Jared Mondschein, Senior Advisor, US Studies Centre, University of Sydney
In the 2016 election between Donald Trump and Hillary Clinton, many conventional analysts — as well as Clinton supporters — said it was clear the former secretary of state had won each one of their debates.
Clinton, they posited, provided strong data points and policy analysis that made clear she was more presidential and appropriate for the job.
Trump supporters, on the other hand, argued it was undeniable he had, in fact, won the debates because he ridiculed and mocked Clinton in a way that she deserved.
The Clinton-Trump debates in 2016 were like Rorschach tests — your perception of them depended on your opinion of the candidates.
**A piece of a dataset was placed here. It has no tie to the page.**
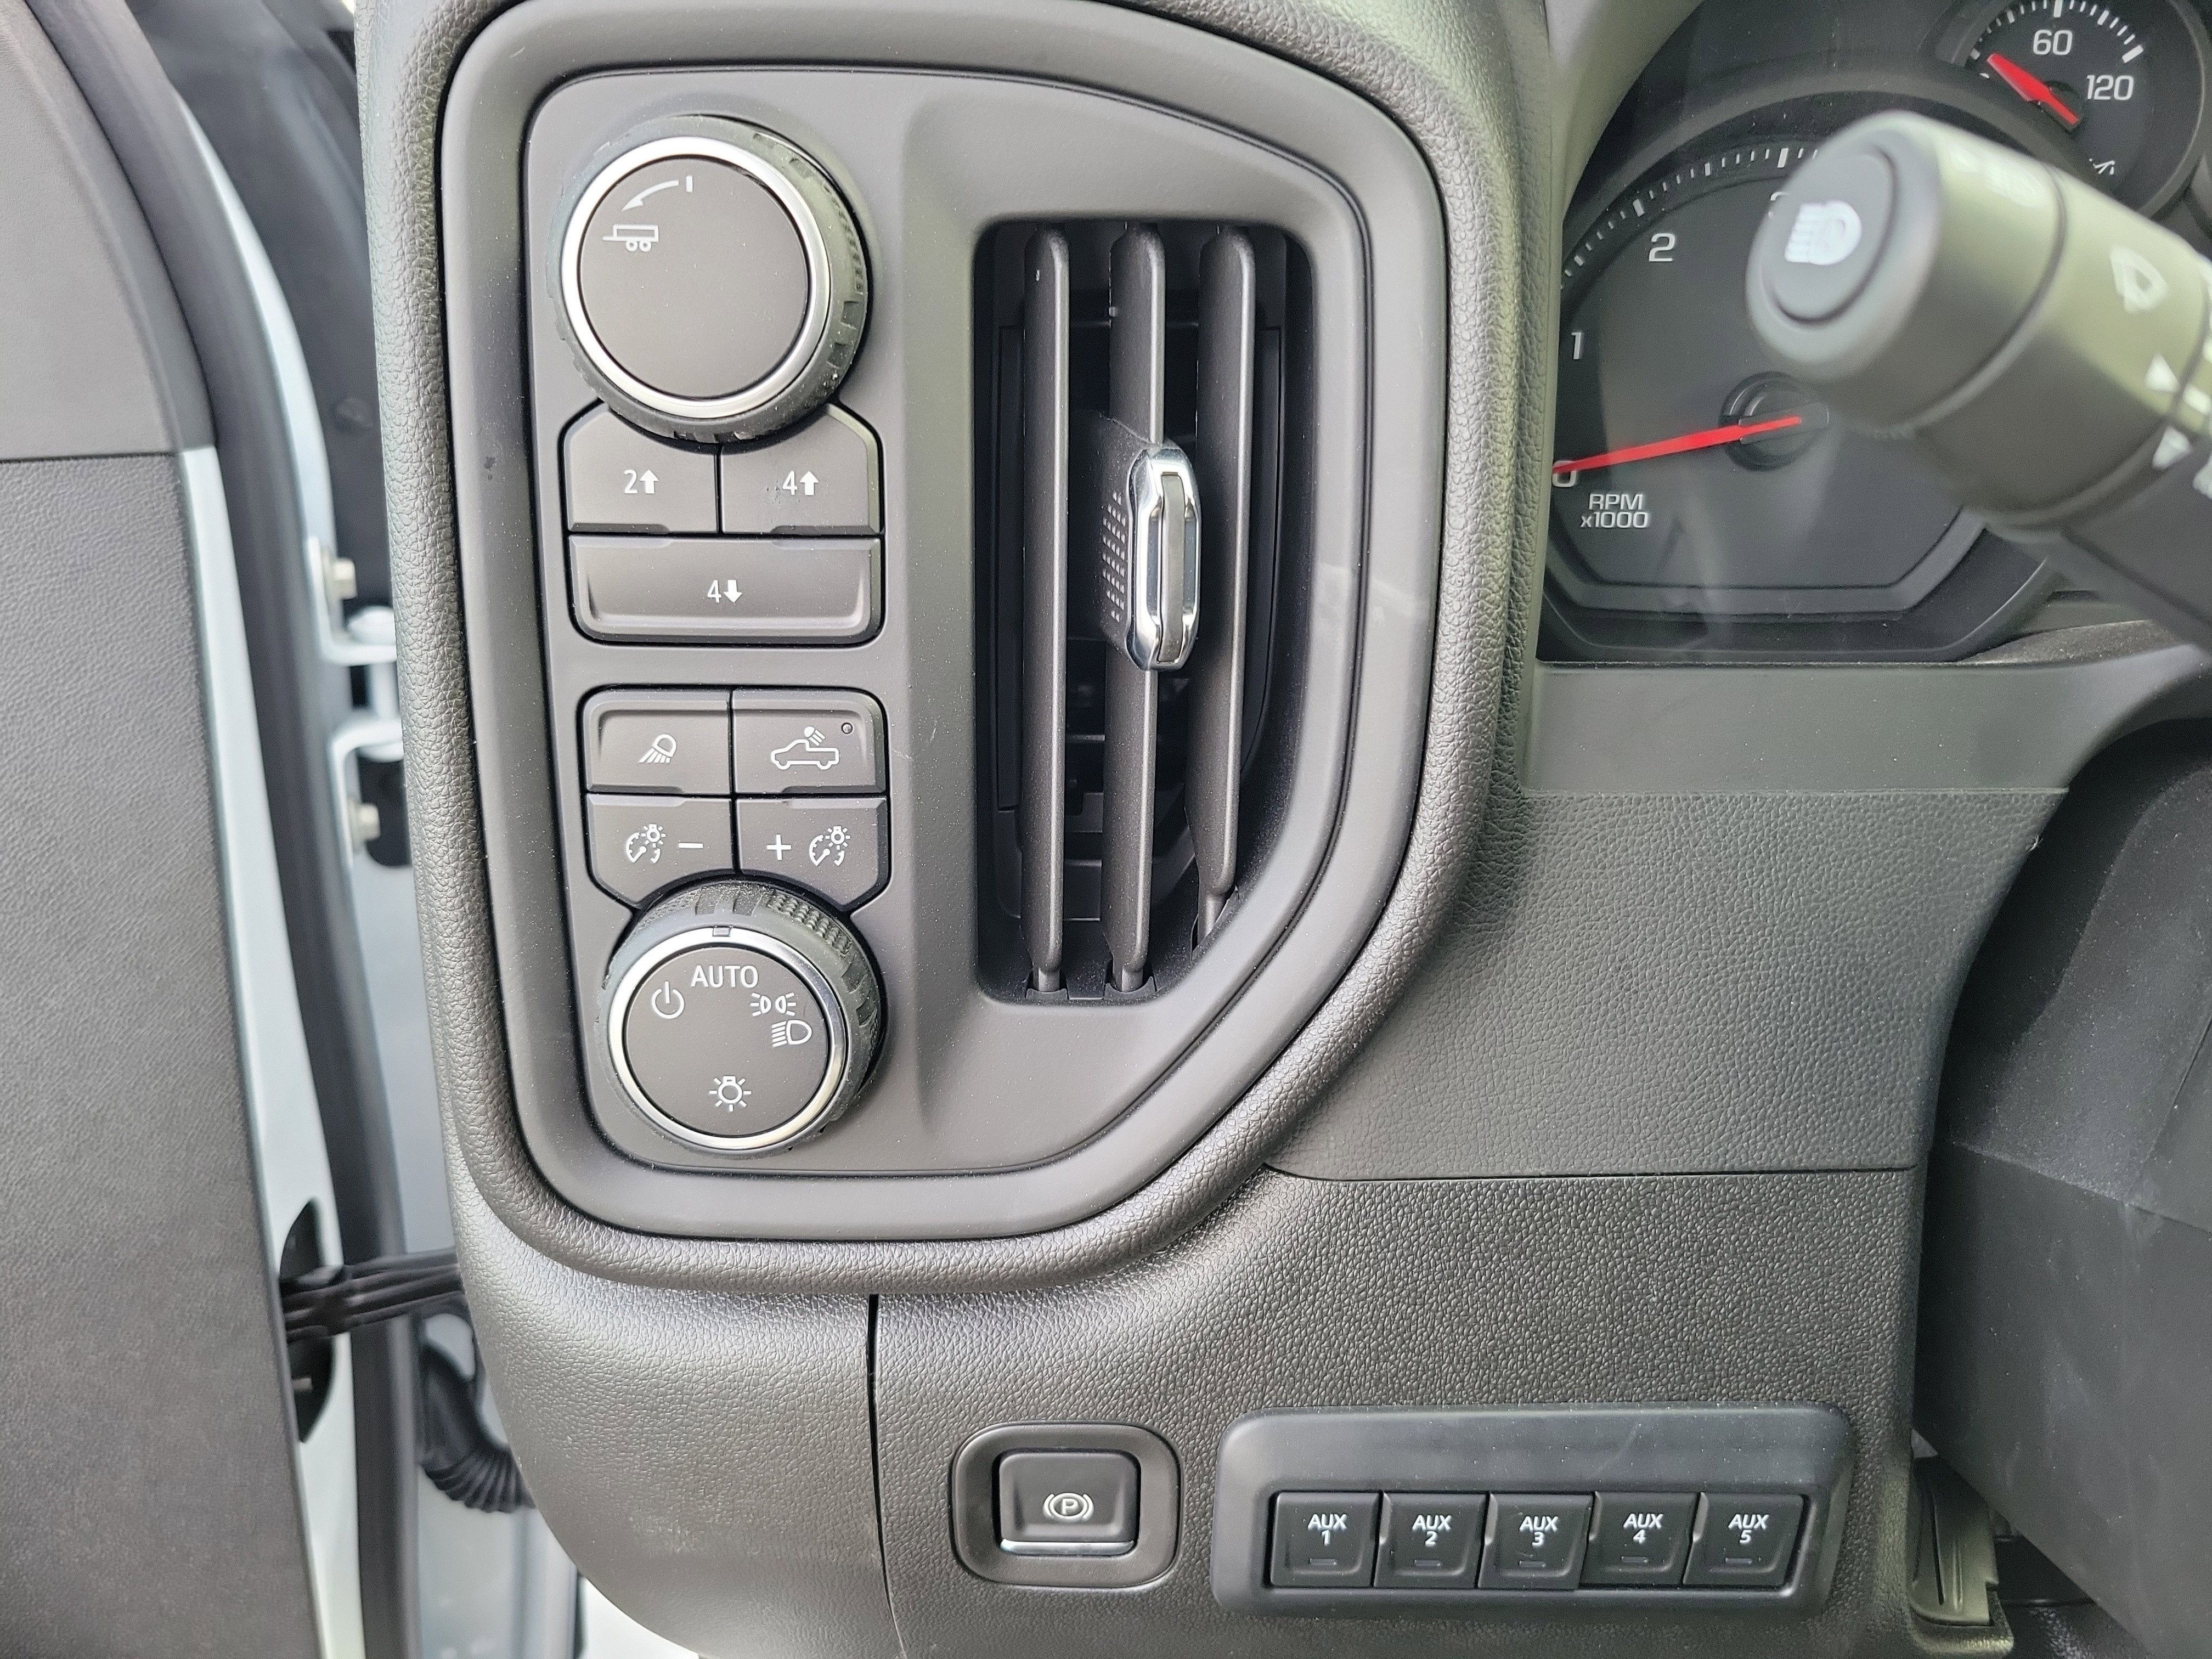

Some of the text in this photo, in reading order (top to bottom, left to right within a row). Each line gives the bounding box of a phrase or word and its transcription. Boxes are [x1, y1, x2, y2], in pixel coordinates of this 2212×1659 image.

Four years later, there appears to be more consensus about the clear winner of the first debate between Trump and Biden: chaos.
With countless interruptions, personal attacks and name calling, some have already called it the worst debate they’ve ever seen.
But the debate, in many ways, mirrors where America is right now: this is perhaps the worst political climate the country has seen in modern history. People are angry and using raised voices while refusing to agree upon a basic set of facts.
The ultimate question, however, is whether this will change any opinions of US voters. Nearly 90% of voters came into the debate saying their minds were already made up about who they will be voting for. Many voters have, in fact, already submitted their ballots.
But given Trump’s 2016 victory was ultimately reliant on a margin of fewer than 80,000 votes across Michigan, Pennsylvania and Wisconsin, even the smallest of advantages could prove critical in the election.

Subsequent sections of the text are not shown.